If those present were convinced that innocent men were on death row, they might reasonably be relieved that a grave miscarriage of justice had been averted. But they would also know that men guilty of terrible crimes, whose victims were still mourned by their families, would not receive the punishment that the law decreed — and that very likely they would be released on parole within a decade a so. And they would also be miscarriages of justice.

The governor’s audience would also know that if he wanted to prevent miscarriages of justice, as he maintained, he could have confined himself to commuting the sentences of those few convicted murderers where there was a reasonable doubt of their guilt. But he extended the commutation to all 156 — including those whose crimes are admitted or undeniable.

And those cheering, finally, must have been aware — uneasily, one trusts — that Mr. Ryan was abusing his power of commutation not to save innocent men but to repeal a law passed by the Illinois legislature and supported by the voters of Illinois that he and his political allies are unable to repeal by democratic debate and electoral struggle. We might call that a miscarriage of democracy.

In all these circumstances, the cheering and applause for Ryan’s were — the word is unavoidable — “obscene.” Ryan’s moral grandstanding to a supportive crowd must have distressed the families of those murdered as well as disturbed those who believe in democratic government accountable to the voters.

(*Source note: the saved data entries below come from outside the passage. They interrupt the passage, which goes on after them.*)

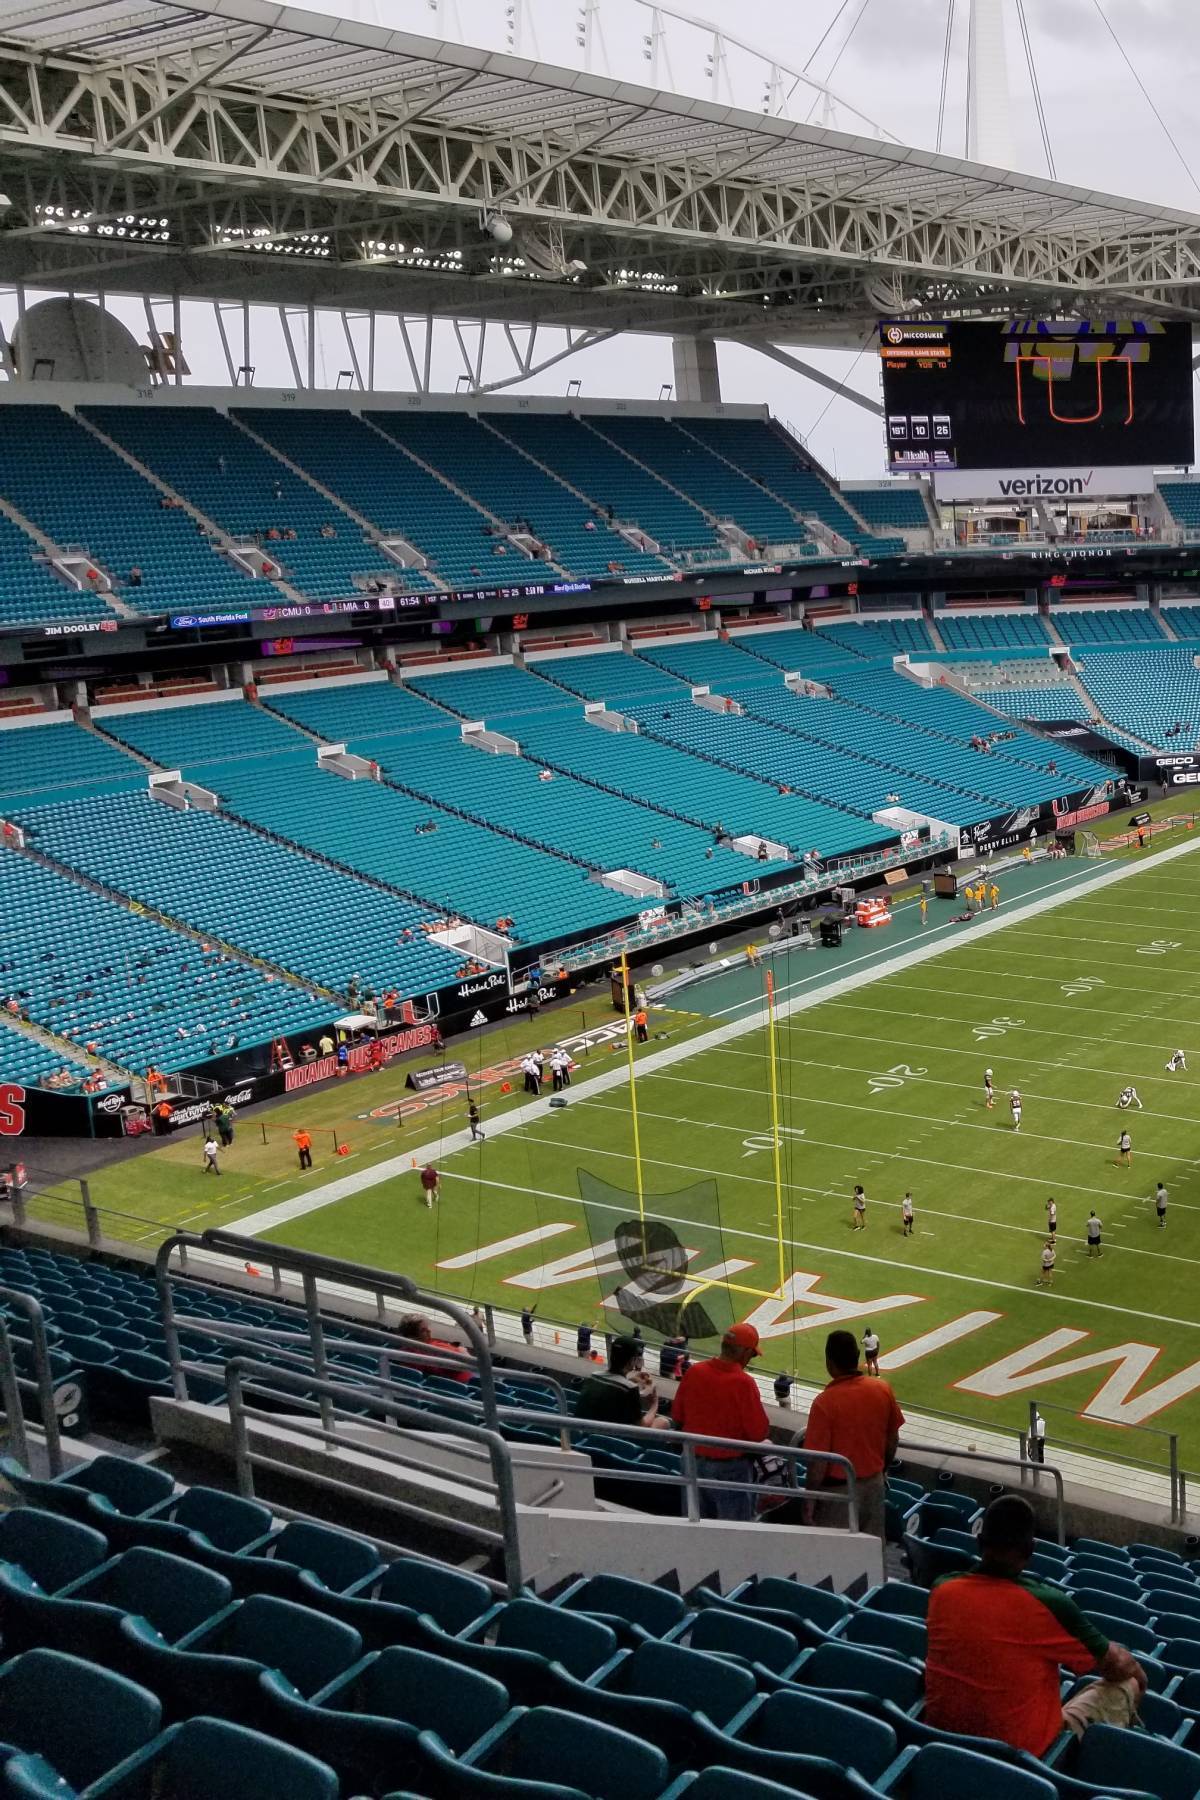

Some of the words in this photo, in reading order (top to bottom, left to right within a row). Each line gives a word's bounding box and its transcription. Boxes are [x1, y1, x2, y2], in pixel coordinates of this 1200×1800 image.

[903, 331, 944, 340] MICCOSUKEE
[886, 361, 907, 369] Player
[938, 361, 947, 369] TD
[891, 426, 905, 435] 1ST
[915, 426, 926, 436] 10
[999, 473, 1084, 497] verizon
[1031, 551, 1060, 559] RING
[1071, 549, 1113, 558] HONOR
[477, 591, 485, 599] 10
[511, 588, 519, 597] 25
[343, 601, 359, 612] MIA
[364, 600, 370, 609] 0
[400, 596, 420, 606] 61:54
[281, 606, 302, 617] CMU
[305, 606, 311, 615] 0
[198, 616, 216, 624] South
[216, 613, 236, 622] Florida
[236, 612, 248, 621] Ford
[45, 627, 62, 636] JIM
[64, 622, 101, 634] DOOLEY
[1156, 756, 1194, 766] GEICO
[979, 840, 1000, 853] PERRY
[1001, 834, 1020, 846] ELLIS
[488, 974, 506, 987] Park
[537, 987, 557, 1002] Park
[402, 992, 440, 1025] U
[470, 1017, 489, 1027] adidas
[972, 1016, 1026, 1038] 30
[285, 1054, 338, 1092] MIAMI
[868, 1063, 928, 1089] 20
[97, 1098, 112, 1109] Hard
[111, 1094, 126, 1105] Rock
[224, 1089, 253, 1104] Coca-Cola
[742, 1124, 806, 1152] 10

And his audience should have reacted accordingly — i.e. quietly and somberly rather than like a football crowd greeting a goal.

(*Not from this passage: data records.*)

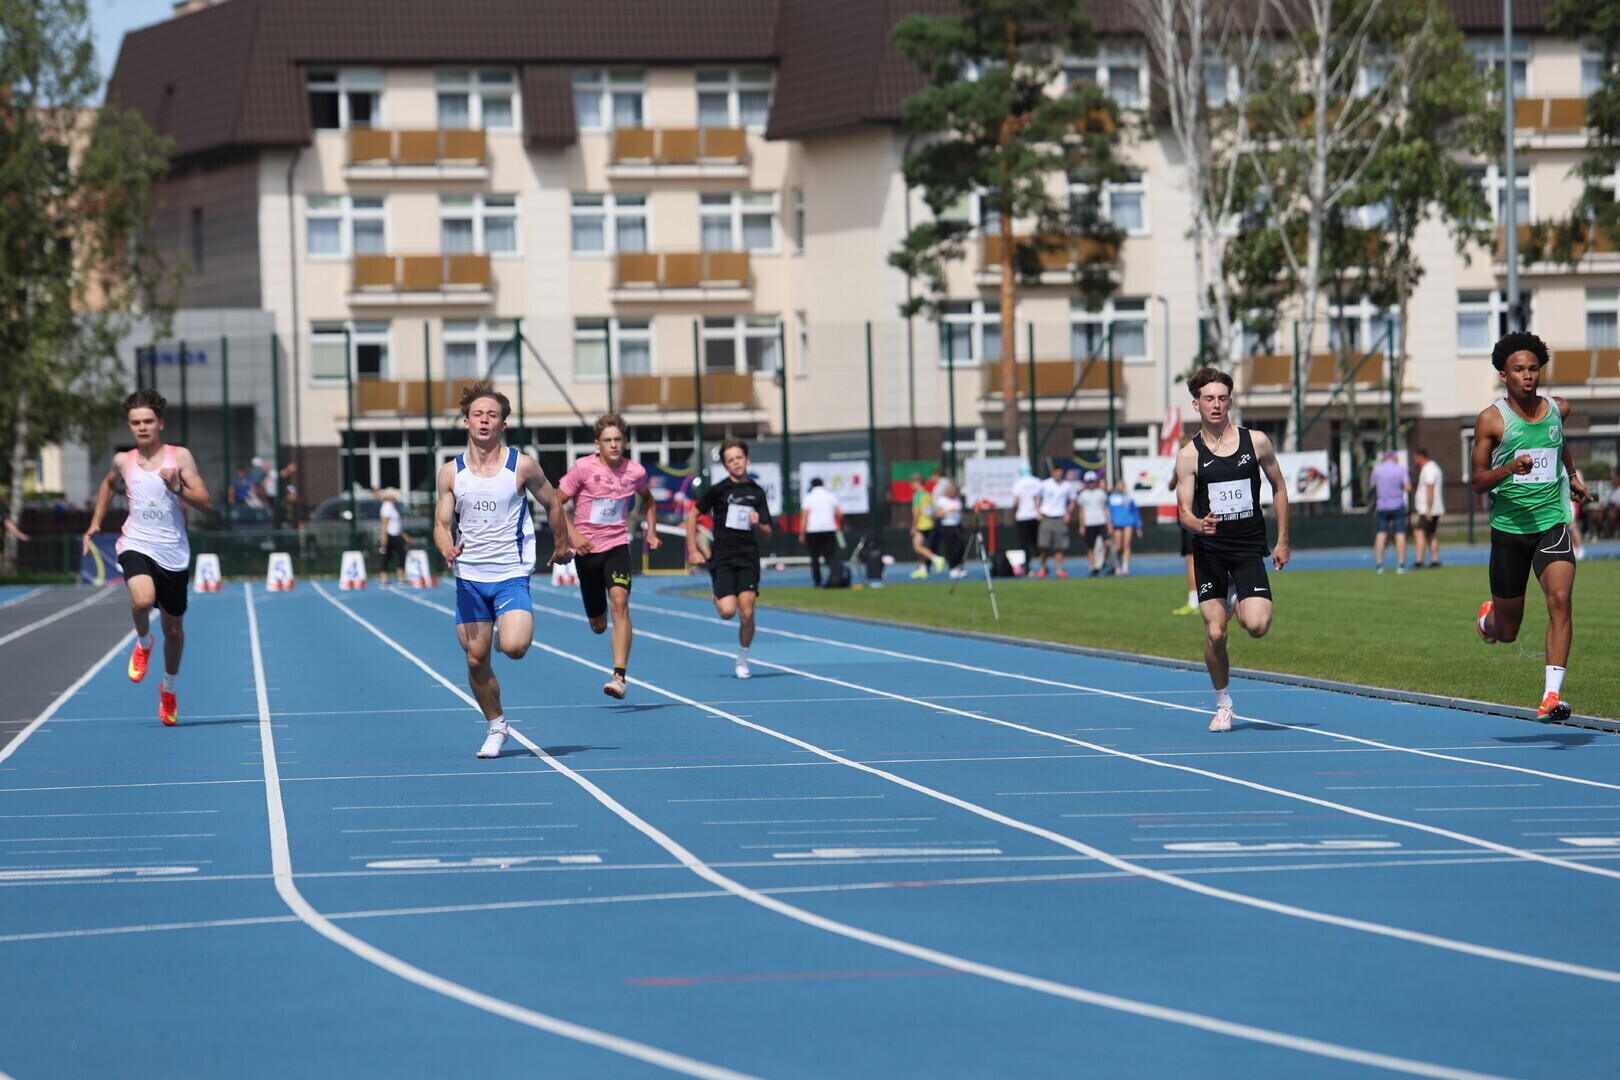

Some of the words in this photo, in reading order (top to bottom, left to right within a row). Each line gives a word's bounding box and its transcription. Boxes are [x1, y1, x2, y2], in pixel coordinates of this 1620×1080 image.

[1533, 457, 1548, 469] 50
[1219, 488, 1243, 502] 316
[473, 500, 497, 512] 490
[142, 510, 163, 520] 600
[273, 561, 288, 580] 5
[346, 559, 360, 578] 4

It cheered, of course, because the death penalty has become the latest skirmish in the ongoing culture war between the American people (70 percent of whom continue to endorse capital punishment) and its academic, media, and political elites. These latter have determined that capital punishment is the mark of a brutal and uncivilized society and that it is therefore legitimate to resort to override democracy in order to eradicate it. Ryan’s commutations were an important step forward in that campaign — which, of course, is intended to climax with the Supreme Court’s outlawing the death penalty as a “cruel and unusual punishment.” Hence the cheering.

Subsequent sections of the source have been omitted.